Outperforming against all odds: How Chris Stott's 1851 Capital topped the league table

Despite launching just a few days before the COVID crash, 1851 Capital has topped the Mercer survey for its stellar three-year returns.
Ally Selby

Livewire Markets

Cast your mind back to January 2020. Back then, the market was reaching highs not seen before, investors were throwing their cash at stocks in droves, and a novel coronavirus in Wuhan, China was just starting to hit the airwaves but was of little global concern. 

On February 1, Chris Stott and his team at 1851 Capital launched their highly-anticipated small and micro-cap fund. Just 20 days later, the market plummeted, having woken up to the idea of a widespread global pandemic. Within a month, the S&P/ASX 200 would fall more than 32% - the Small Ordinaries, nearly 35%. 

Despite the rough start to the Fund's existence, the 1851 Emerging Companies Fund has just topped Mercer's performance survey for its stellar three-year performance. 

Since its inception on February 1, 2020, the Fund has delivered a return of 13.3% per annum. That's compared to the S&P/ASX Small Ordinaries Accumulation Index's return of just 1.1%. In fact, the Fund has swelled 46.6% since its very first day in the market. 

That's an outperformance of 43.2% in total. 

So how did the team at 1851 Capital do it? According to Stott, it all comes down to sticking to your knitting and not getting drawn into fads. And despite the macro headwinds that continue to loom and the rebound in small caps in recent months, he believes there's still plenty of upside in the small end of the market over the coming months. 

In this interview, Stott shares some of the best and worst-performing stocks in the Fund's three-year history, where he is seeing pockets of value right now, as well as some of the stocks that he believes have been unfairly sold off this reporting season. 

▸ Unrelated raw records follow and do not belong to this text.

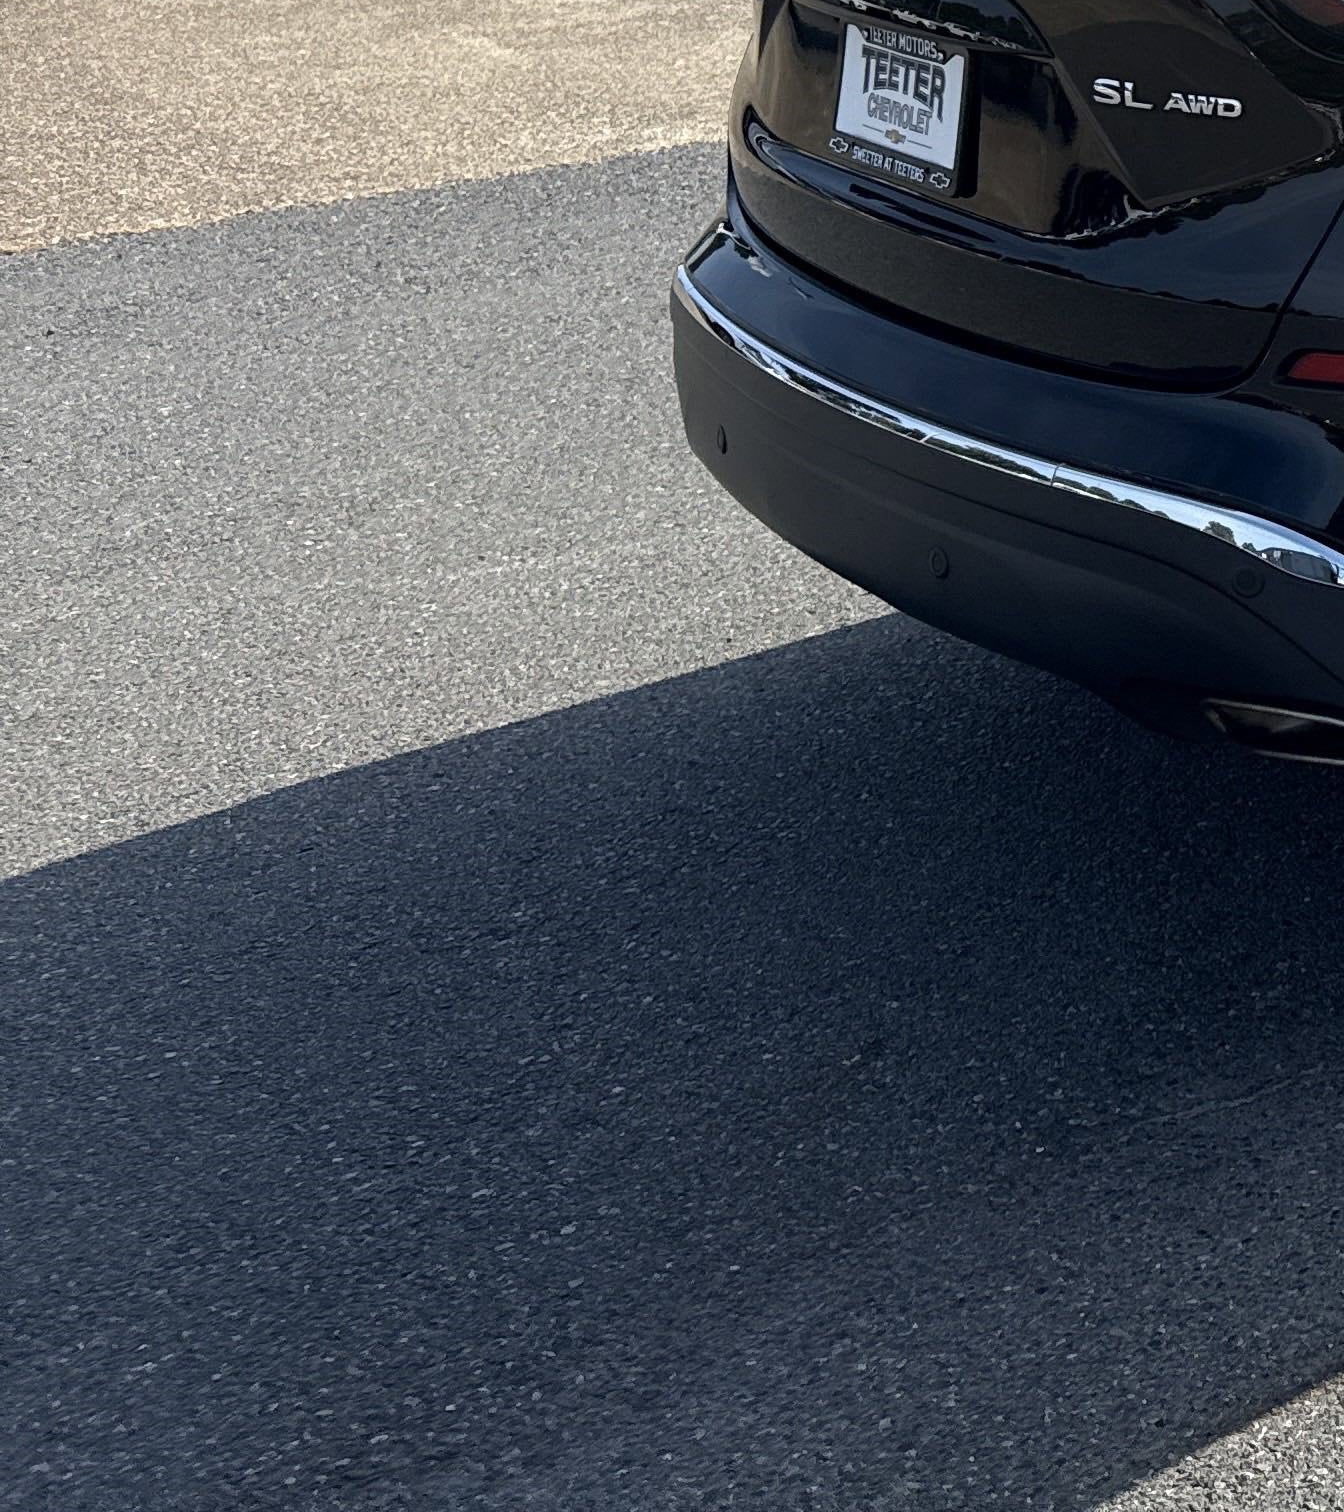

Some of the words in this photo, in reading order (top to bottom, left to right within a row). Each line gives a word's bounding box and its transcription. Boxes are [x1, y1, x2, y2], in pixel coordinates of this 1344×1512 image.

[869, 26, 898, 48] TEETER
[899, 34, 938, 58] MOTORS
[861, 44, 946, 124] TEETER
[1092, 77, 1154, 110] SL
[1163, 92, 1243, 118] AWD
[867, 92, 933, 136] CHEVROLET
[851, 146, 884, 168] SWEETER
[884, 157, 894, 171] AT
[893, 159, 926, 183] TEETERS

Note: This interview was recorded on March 1 2023. You can watch the video or read an edited transcript below. 

The best and worst-performing positions over 1851's three-year history 

While Stott admits that the secret to success in small caps comes down to the people on your team, he notes that one stock has stood out during the Fund's three-year tenure. 

"Uniti Group (ASX: UWL) has been our best-performing stock in our first three years," he says. 

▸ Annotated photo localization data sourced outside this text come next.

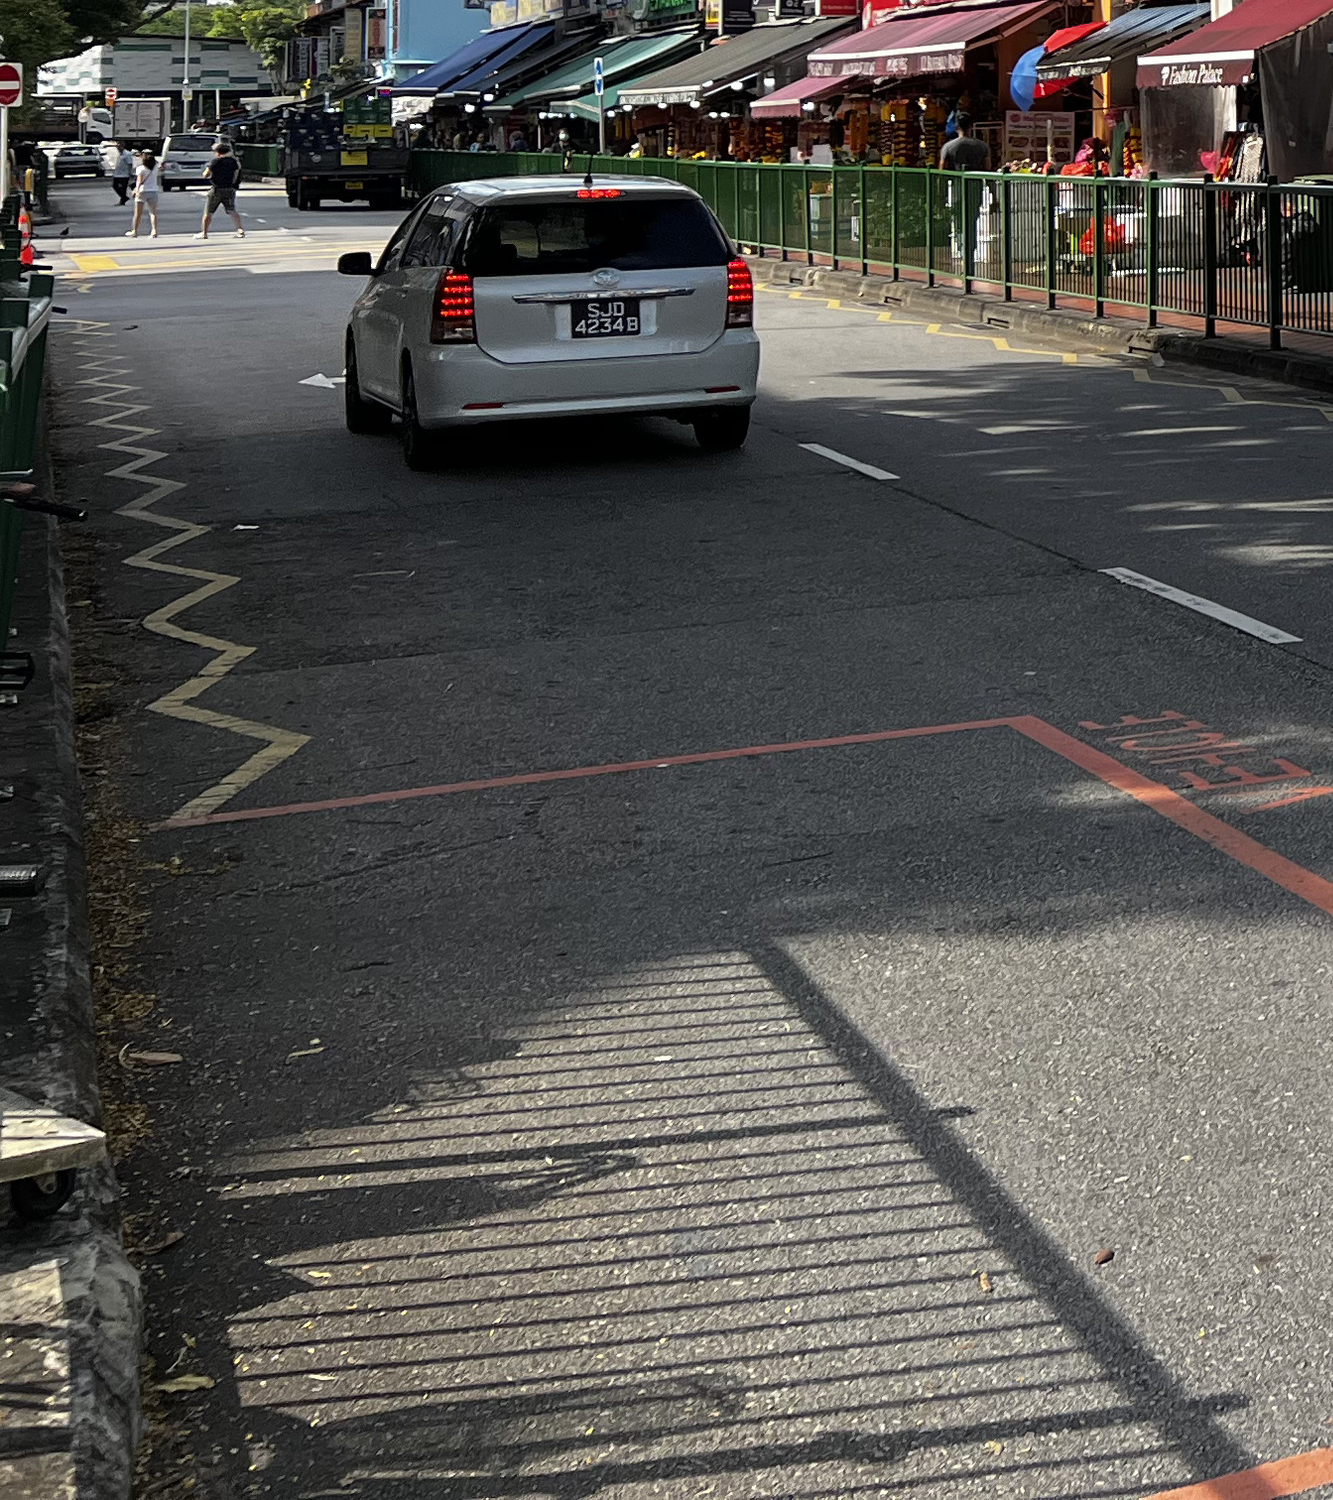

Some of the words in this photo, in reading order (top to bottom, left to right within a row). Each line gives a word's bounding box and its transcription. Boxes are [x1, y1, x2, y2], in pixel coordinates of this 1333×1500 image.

[1169, 65, 1198, 85] Fashion
[1199, 63, 1223, 84] Palace
[587, 302, 624, 318] SJD
[575, 318, 639, 335] 4234B
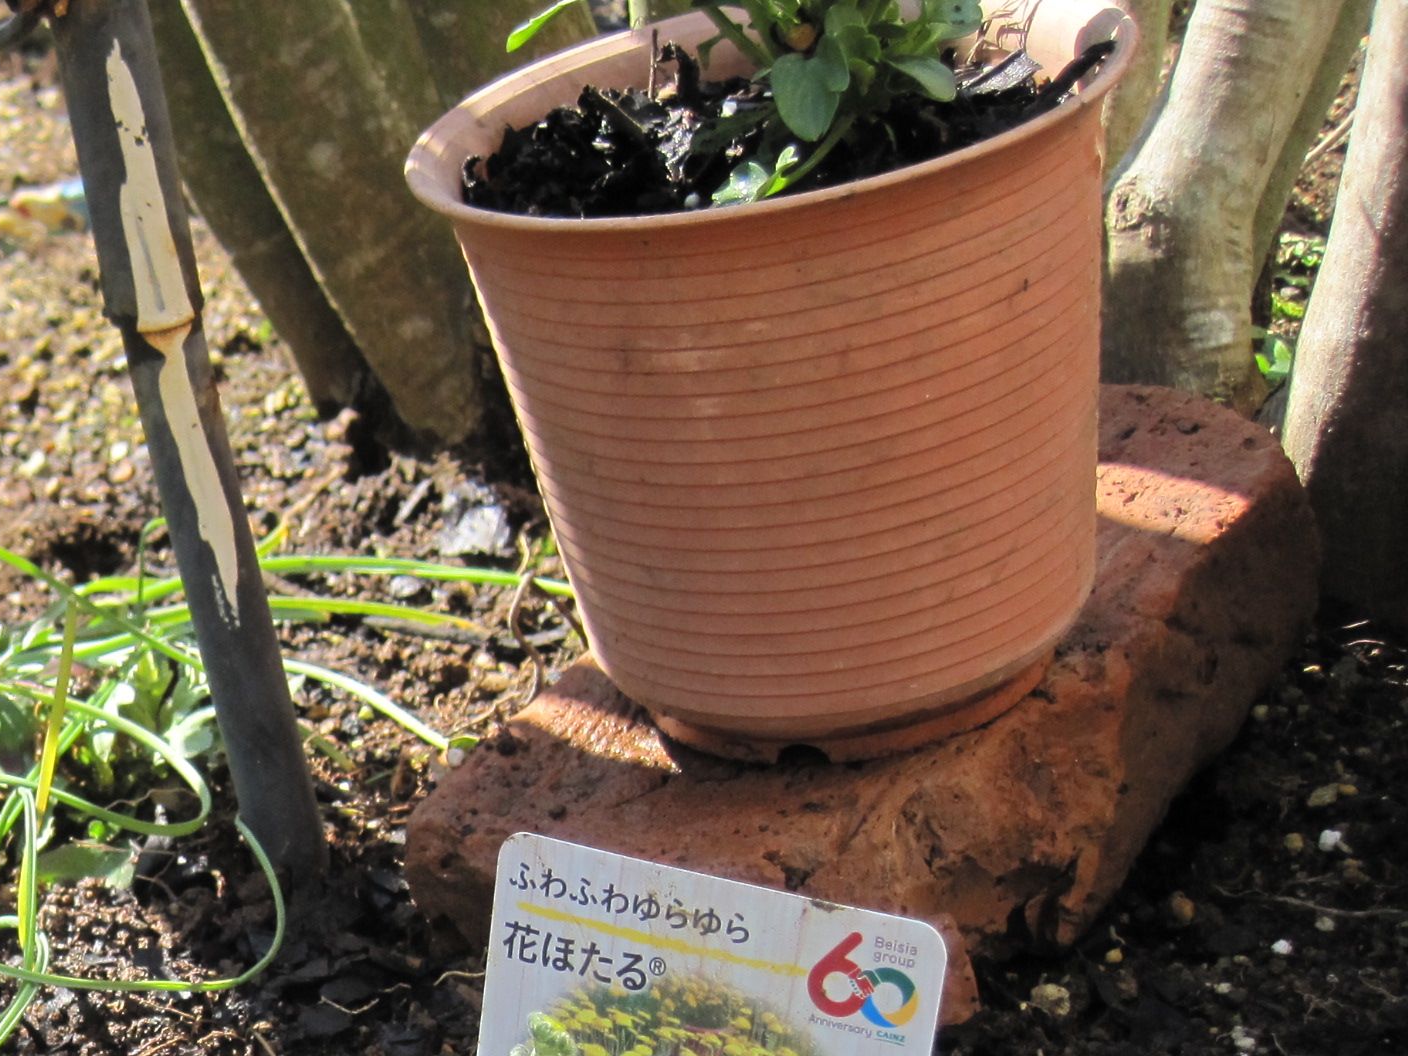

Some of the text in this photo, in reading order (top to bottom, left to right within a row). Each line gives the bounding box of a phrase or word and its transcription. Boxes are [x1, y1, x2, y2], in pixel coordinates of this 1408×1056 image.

[509, 862, 750, 944] ふわふわゆらゆら
[873, 936, 918, 956] Beisia
[873, 950, 916, 969] group
[808, 1013, 907, 1044] Anniversary CAINZ

"We bought that at the inception of the fund. And lucky for us, we rode that wave up from a $1.50 to the $5 takeover price just last year." 

That said, the last few years haven't been easy. As Stott explains, "it feels harder now than ever." 

"The market is a great humbler. And day-by-day, we are consistently learning new things from our mistakes," he says. 

The first mistake, according to Stott, was the timing of the Fund's launch. 

"We launched the Fund in February 2020, as the worst pandemic of our lifetimes was just commencing. So I'm pleased to say that we've gotten through that period, albeit it was looking pretty shaky there in the early days," he says. 

During this time, the team has learnt the importance of liquidity.

"One thing that has worked for us in the last three years is sticking to our knitting and not getting drawn into fads, like investing in unlisted companies or investing in the hot technology space with a lack of valuation support," Stott explains. 

At the portfolio level, he points to Praemium Group (ASX: PPS) as his main regret - a position that the Fund invested in at inception. 

"It had a great run up from around 30 cents to $1.50 after it had a takeover approach from Netwealth (ASX: NWL). But we held on too long," Stott says. 

"The game changed when Netwealth made the approach. Essentially, the share price was no longer trading on fundamentals. It was a binary outcome, whether the takeover was going to go ahead or not. We held on too long and ended up selling it well below a dollar." 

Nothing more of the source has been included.